Exercise directions: Give back all the records below, unaltered.

Dataset records
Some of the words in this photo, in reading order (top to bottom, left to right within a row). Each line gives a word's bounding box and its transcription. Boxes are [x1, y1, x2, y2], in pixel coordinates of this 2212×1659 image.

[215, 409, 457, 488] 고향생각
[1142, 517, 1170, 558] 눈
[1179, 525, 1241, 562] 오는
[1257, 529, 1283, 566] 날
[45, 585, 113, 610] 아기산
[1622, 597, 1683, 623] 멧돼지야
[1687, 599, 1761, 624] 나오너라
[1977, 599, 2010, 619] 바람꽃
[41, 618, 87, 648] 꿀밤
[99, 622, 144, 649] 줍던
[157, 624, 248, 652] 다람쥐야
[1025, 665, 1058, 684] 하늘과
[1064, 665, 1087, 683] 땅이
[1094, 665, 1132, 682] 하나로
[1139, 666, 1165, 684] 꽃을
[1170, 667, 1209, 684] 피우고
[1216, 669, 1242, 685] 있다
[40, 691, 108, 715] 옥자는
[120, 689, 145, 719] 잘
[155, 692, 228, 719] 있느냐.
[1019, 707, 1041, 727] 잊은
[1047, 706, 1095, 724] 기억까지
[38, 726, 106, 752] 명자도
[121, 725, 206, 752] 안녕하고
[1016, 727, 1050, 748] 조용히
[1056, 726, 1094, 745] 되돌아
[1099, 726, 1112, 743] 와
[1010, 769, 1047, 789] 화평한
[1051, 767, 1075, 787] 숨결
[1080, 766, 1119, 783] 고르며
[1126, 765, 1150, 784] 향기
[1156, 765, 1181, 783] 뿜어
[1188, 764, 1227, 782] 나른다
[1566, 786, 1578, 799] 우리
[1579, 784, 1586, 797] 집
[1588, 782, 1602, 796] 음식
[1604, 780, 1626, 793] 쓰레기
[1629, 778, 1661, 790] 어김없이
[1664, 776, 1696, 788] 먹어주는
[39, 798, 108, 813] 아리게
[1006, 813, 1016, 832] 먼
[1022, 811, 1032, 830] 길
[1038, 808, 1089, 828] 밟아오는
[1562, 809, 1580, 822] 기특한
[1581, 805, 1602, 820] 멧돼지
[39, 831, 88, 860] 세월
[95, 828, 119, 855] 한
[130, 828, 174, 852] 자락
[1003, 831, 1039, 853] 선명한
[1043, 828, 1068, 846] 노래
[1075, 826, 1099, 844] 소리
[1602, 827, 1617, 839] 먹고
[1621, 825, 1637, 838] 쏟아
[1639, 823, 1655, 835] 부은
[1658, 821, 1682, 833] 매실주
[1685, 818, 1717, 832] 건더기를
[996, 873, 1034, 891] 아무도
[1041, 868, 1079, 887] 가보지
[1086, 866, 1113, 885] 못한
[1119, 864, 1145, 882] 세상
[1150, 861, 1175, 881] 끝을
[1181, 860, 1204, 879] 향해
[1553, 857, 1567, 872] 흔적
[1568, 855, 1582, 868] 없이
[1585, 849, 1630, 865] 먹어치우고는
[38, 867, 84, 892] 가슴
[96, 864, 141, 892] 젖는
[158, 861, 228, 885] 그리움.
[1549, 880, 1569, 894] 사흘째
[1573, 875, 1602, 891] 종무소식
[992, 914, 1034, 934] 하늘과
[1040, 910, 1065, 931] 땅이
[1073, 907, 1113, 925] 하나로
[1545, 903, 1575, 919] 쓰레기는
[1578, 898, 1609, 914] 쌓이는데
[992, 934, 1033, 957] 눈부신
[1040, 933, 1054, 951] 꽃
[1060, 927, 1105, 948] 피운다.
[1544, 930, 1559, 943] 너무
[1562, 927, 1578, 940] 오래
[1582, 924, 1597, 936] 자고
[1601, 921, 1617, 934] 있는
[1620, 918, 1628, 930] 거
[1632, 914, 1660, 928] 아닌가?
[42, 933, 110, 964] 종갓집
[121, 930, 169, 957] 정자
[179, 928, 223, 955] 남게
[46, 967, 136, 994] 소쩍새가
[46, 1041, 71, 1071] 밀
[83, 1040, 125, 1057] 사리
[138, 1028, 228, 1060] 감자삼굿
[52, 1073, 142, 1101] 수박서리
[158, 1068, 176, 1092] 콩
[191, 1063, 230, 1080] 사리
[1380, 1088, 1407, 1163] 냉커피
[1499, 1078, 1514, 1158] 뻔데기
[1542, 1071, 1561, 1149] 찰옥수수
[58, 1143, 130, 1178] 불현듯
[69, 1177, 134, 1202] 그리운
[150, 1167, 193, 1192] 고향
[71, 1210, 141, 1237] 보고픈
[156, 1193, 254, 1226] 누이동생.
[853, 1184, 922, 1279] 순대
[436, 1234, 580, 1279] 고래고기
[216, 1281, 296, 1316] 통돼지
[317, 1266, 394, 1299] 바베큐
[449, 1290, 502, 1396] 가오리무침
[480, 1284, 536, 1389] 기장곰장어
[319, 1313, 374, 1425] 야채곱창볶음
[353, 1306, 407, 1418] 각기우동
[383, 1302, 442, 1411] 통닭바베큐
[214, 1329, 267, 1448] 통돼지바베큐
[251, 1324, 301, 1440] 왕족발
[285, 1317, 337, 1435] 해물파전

Finished task:
Some of the words in this photo, in reading order (top to bottom, left to right within a row). Each line gives a word's bounding box and its transcription. Boxes are [x1, y1, x2, y2], in pixel coordinates of this 2212×1659 image.

[215, 409, 457, 488] 고향생각
[1142, 517, 1170, 558] 눈
[1179, 525, 1241, 562] 오는
[1257, 529, 1283, 566] 날
[45, 585, 113, 610] 아기산
[1622, 597, 1683, 623] 멧돼지야
[1687, 599, 1761, 624] 나오너라
[1977, 599, 2010, 619] 바람꽃
[41, 618, 87, 648] 꿀밤
[99, 622, 144, 649] 줍던
[157, 624, 248, 652] 다람쥐야
[1025, 665, 1058, 684] 하늘과
[1064, 665, 1087, 683] 땅이
[1094, 665, 1132, 682] 하나로
[1139, 666, 1165, 684] 꽃을
[1170, 667, 1209, 684] 피우고
[1216, 669, 1242, 685] 있다
[40, 691, 108, 715] 옥자는
[120, 689, 145, 719] 잘
[155, 692, 228, 719] 있느냐.
[1019, 707, 1041, 727] 잊은
[1047, 706, 1095, 724] 기억까지
[38, 726, 106, 752] 명자도
[121, 725, 206, 752] 안녕하고
[1016, 727, 1050, 748] 조용히
[1056, 726, 1094, 745] 되돌아
[1099, 726, 1112, 743] 와
[1010, 769, 1047, 789] 화평한
[1051, 767, 1075, 787] 숨결
[1080, 766, 1119, 783] 고르며
[1126, 765, 1150, 784] 향기
[1156, 765, 1181, 783] 뿜어
[1188, 764, 1227, 782] 나른다
[1566, 786, 1578, 799] 우리
[1579, 784, 1586, 797] 집
[1588, 782, 1602, 796] 음식
[1604, 780, 1626, 793] 쓰레기
[1629, 778, 1661, 790] 어김없이
[1664, 776, 1696, 788] 먹어주는
[39, 798, 108, 813] 아리게
[1006, 813, 1016, 832] 먼
[1022, 811, 1032, 830] 길
[1038, 808, 1089, 828] 밟아오는
[1562, 809, 1580, 822] 기특한
[1581, 805, 1602, 820] 멧돼지
[39, 831, 88, 860] 세월
[95, 828, 119, 855] 한
[130, 828, 174, 852] 자락
[1003, 831, 1039, 853] 선명한
[1043, 828, 1068, 846] 노래
[1075, 826, 1099, 844] 소리
[1602, 827, 1617, 839] 먹고
[1621, 825, 1637, 838] 쏟아
[1639, 823, 1655, 835] 부은
[1658, 821, 1682, 833] 매실주
[1685, 818, 1717, 832] 건더기를
[996, 873, 1034, 891] 아무도
[1041, 868, 1079, 887] 가보지
[1086, 866, 1113, 885] 못한
[1119, 864, 1145, 882] 세상
[1150, 861, 1175, 881] 끝을
[1181, 860, 1204, 879] 향해
[1553, 857, 1567, 872] 흔적
[1568, 855, 1582, 868] 없이
[1585, 849, 1630, 865] 먹어치우고는
[38, 867, 84, 892] 가슴
[96, 864, 141, 892] 젖는
[158, 861, 228, 885] 그리움.
[1549, 880, 1569, 894] 사흘째
[1573, 875, 1602, 891] 종무소식
[992, 914, 1034, 934] 하늘과
[1040, 910, 1065, 931] 땅이
[1073, 907, 1113, 925] 하나로
[1545, 903, 1575, 919] 쓰레기는
[1578, 898, 1609, 914] 쌓이는데
[992, 934, 1033, 957] 눈부신
[1040, 933, 1054, 951] 꽃
[1060, 927, 1105, 948] 피운다.
[1544, 930, 1559, 943] 너무
[1562, 927, 1578, 940] 오래
[1582, 924, 1597, 936] 자고
[1601, 921, 1617, 934] 있는
[1620, 918, 1628, 930] 거
[1632, 914, 1660, 928] 아닌가?
[42, 933, 110, 964] 종갓집
[121, 930, 169, 957] 정자
[179, 928, 223, 955] 남게
[46, 967, 136, 994] 소쩍새가
[46, 1041, 71, 1071] 밀
[83, 1040, 125, 1057] 사리
[138, 1028, 228, 1060] 감자삼굿
[52, 1073, 142, 1101] 수박서리
[158, 1068, 176, 1092] 콩
[191, 1063, 230, 1080] 사리
[1380, 1088, 1407, 1163] 냉커피
[1499, 1078, 1514, 1158] 뻔데기
[1542, 1071, 1561, 1149] 찰옥수수
[58, 1143, 130, 1178] 불현듯
[69, 1177, 134, 1202] 그리운
[150, 1167, 193, 1192] 고향
[71, 1210, 141, 1237] 보고픈
[156, 1193, 254, 1226] 누이동생.
[853, 1184, 922, 1279] 순대
[436, 1234, 580, 1279] 고래고기
[216, 1281, 296, 1316] 통돼지
[317, 1266, 394, 1299] 바베큐
[449, 1290, 502, 1396] 가오리무침
[480, 1284, 536, 1389] 기장곰장어
[319, 1313, 374, 1425] 야채곱창볶음
[353, 1306, 407, 1418] 각기우동
[383, 1302, 442, 1411] 통닭바베큐
[214, 1329, 267, 1448] 통돼지바베큐
[251, 1324, 301, 1440] 왕족발
[285, 1317, 337, 1435] 해물파전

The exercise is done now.